Johnny stood there awkwardly for a few minutes, wondering just what to do with himself, scuffing uneasily at the floor with the toe of his boot. When he was sure both Linda and Sam were too wrapped up in their own squabbling to even be aware of Johnny’s presence, he sneaked out of the kitchen and back to his bedroom. He tried watching television, but was too restless; tried to read one of the books he’d taken from Linda’s bookshelf but his mind was too preoccupied. He wanted anything but to be lost in his own rumination at the moment; he needed an out. Idle hands, Johnny reminded himself with a humorless scoff.
He discovered that the ranch house’s front door was jammed shut, which explained why no one ever used it, preferring the porch door at the back of the home. Wherein lay his quandary, because his only chance of escape was through the kitchen and the very thing he was attempting to escape. Why? Why was he so eager to evade the argument that was simmering over, emanating from the dining area? A lot had happened in the past twenty-four hours; maybe he was just feeling a little overwhelmed by it all.
Linda finally stormed out of the kitchen and, soon after, Johnny could hear the shower running. He strolled through the kitchen and found it empty; where and when Sam had gone, he couldn’t say. He walked out to the garage, glaring ruefully at the charred remainder of the door. “Hey there, beauty,” he cooed to his bike, tenderly running his hand along the sensuous curve of the leather seat.
“You always talk to your bike like that?” a voice asked, and Johnny started, turning to find Sam squinting inquisitively into the darkened shed.

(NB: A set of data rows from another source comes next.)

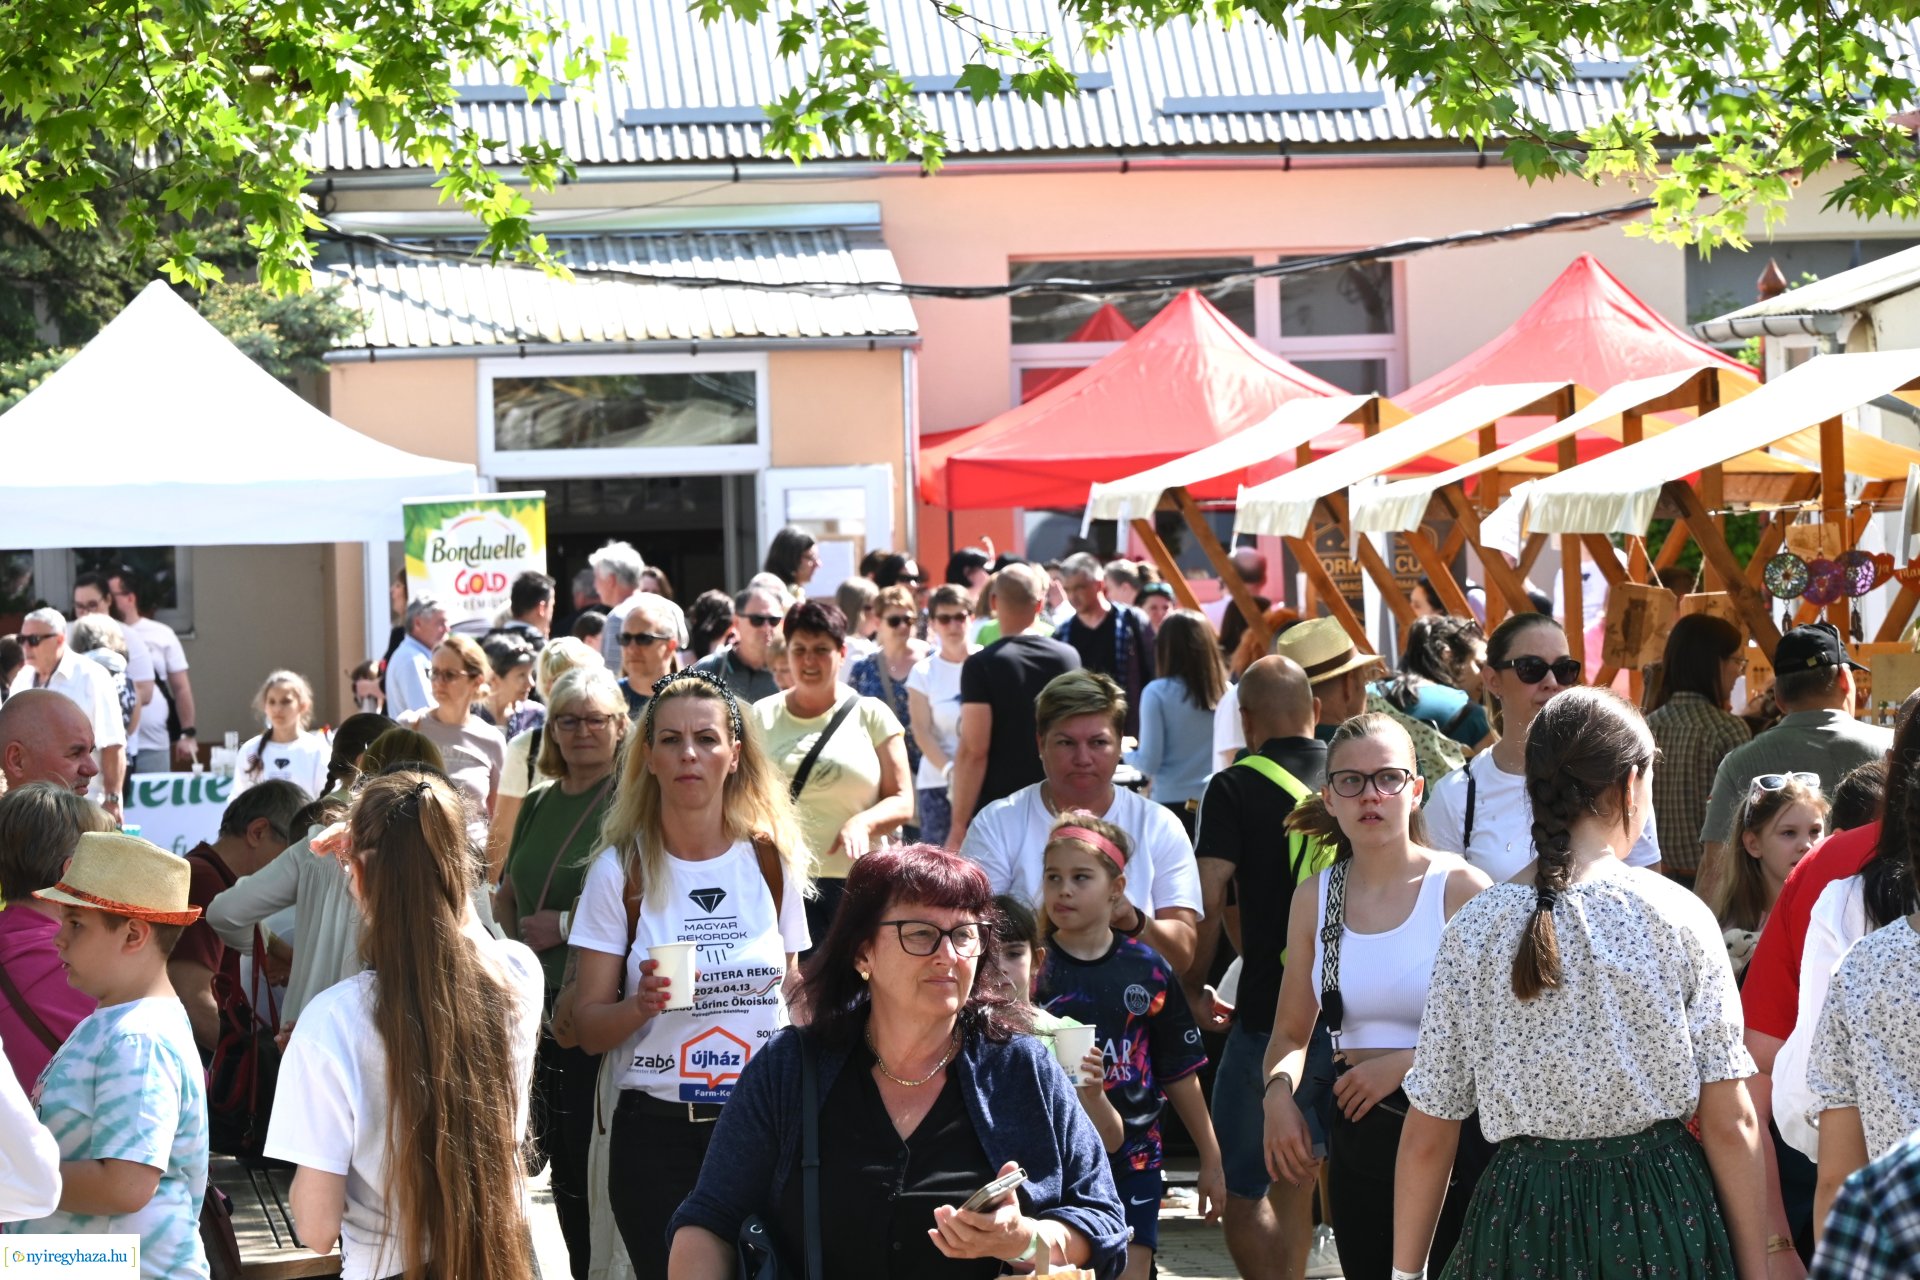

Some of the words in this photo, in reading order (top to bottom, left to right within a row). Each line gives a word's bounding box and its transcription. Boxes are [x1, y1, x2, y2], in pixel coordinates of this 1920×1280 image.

[432, 534, 526, 568] Bonduelle
[455, 569, 507, 595] GOLD
[123, 776, 234, 809] elle
[684, 921, 738, 931] MAGYAR
[677, 931, 748, 942] REKORDOK
[702, 969, 744, 982] CITERA
[694, 983, 750, 996] 2024.04.13
[630, 1053, 675, 1075] zabó
[691, 1050, 740, 1068] újház
[694, 1089, 731, 1098] Farm-Ke

Johnny busied himself, locating an old toolbox sitting forlornly on a dusty shelf. He pulled it down and knelt beside Old Bess, running his fingers along her framework, knowing almost by instinct, by adept touch, where she could use improvement and repair. “Sometimes,” he muttered, without thinking rifling through the box and selecting a tarnished old wrench to work with. “Only when they’re worth talkin’ to,” he said absently.
“And you know which ones are?” Sam inquired keenly, leaning against the door’s frame. “Worth it, I mean.” Johnny paused for a moment, clearing his throat onto the back of his wrist, shrewdly aware that the two men weren’t about to have a discussion about cycles.

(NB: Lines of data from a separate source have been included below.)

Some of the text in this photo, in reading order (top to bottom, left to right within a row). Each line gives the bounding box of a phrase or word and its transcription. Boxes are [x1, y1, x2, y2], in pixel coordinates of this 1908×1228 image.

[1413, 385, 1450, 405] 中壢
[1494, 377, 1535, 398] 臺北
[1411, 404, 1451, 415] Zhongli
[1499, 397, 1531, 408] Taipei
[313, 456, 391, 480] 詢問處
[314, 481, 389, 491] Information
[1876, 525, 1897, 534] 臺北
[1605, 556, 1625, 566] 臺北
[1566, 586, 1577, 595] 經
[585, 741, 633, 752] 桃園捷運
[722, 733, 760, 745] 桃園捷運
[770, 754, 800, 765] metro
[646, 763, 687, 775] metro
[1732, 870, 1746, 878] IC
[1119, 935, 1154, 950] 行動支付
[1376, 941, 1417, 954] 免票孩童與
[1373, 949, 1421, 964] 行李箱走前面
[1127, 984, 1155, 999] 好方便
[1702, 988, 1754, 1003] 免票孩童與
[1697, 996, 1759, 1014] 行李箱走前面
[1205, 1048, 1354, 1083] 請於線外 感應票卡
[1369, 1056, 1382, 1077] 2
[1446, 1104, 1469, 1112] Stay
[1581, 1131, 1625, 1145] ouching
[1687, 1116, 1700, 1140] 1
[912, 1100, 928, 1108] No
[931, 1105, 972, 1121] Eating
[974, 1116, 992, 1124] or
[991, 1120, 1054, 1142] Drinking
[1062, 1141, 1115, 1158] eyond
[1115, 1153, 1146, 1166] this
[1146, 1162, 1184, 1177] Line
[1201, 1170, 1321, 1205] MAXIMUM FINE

“I like to think so,” he shrugged, watching Sam out of the corner of his eye. He didn’t care for games, the macho posturing that men assumed over a woman; Johnny was a straight shooter, and he disliked those kinds of petty amorous manipulations, the romantic competitions and rivalries guys tended to fall into over a pretty gal. There was no reason, he was abashed to find himself thinking, that Linda should have told him about Sam in the short time they had known each other.
Sam nodded thoughtfully, scratching his chin and narrowing his eyes at Johnny. “Don’t I know you from somewhere?” he furrowed his brow, peering closely at Johnny, trying to get a clear look at his face. Johnny didn’t let him, telling him flatly that he must be mistaken. Sam shrugged, “Eh, all you white guys look alike.” Johnny chuckled, a genuinely easygoing and cheerful sound, and Sam loosened up a little, clearly thinking better of Johnny for his self-deprecating sense of humor. “Linda loves that antique pile of rust,” he jutted his chin towards Old Bess. “It scares the hell outta me, though; I always think she’s gonna break her neck riding it out there in the desert.”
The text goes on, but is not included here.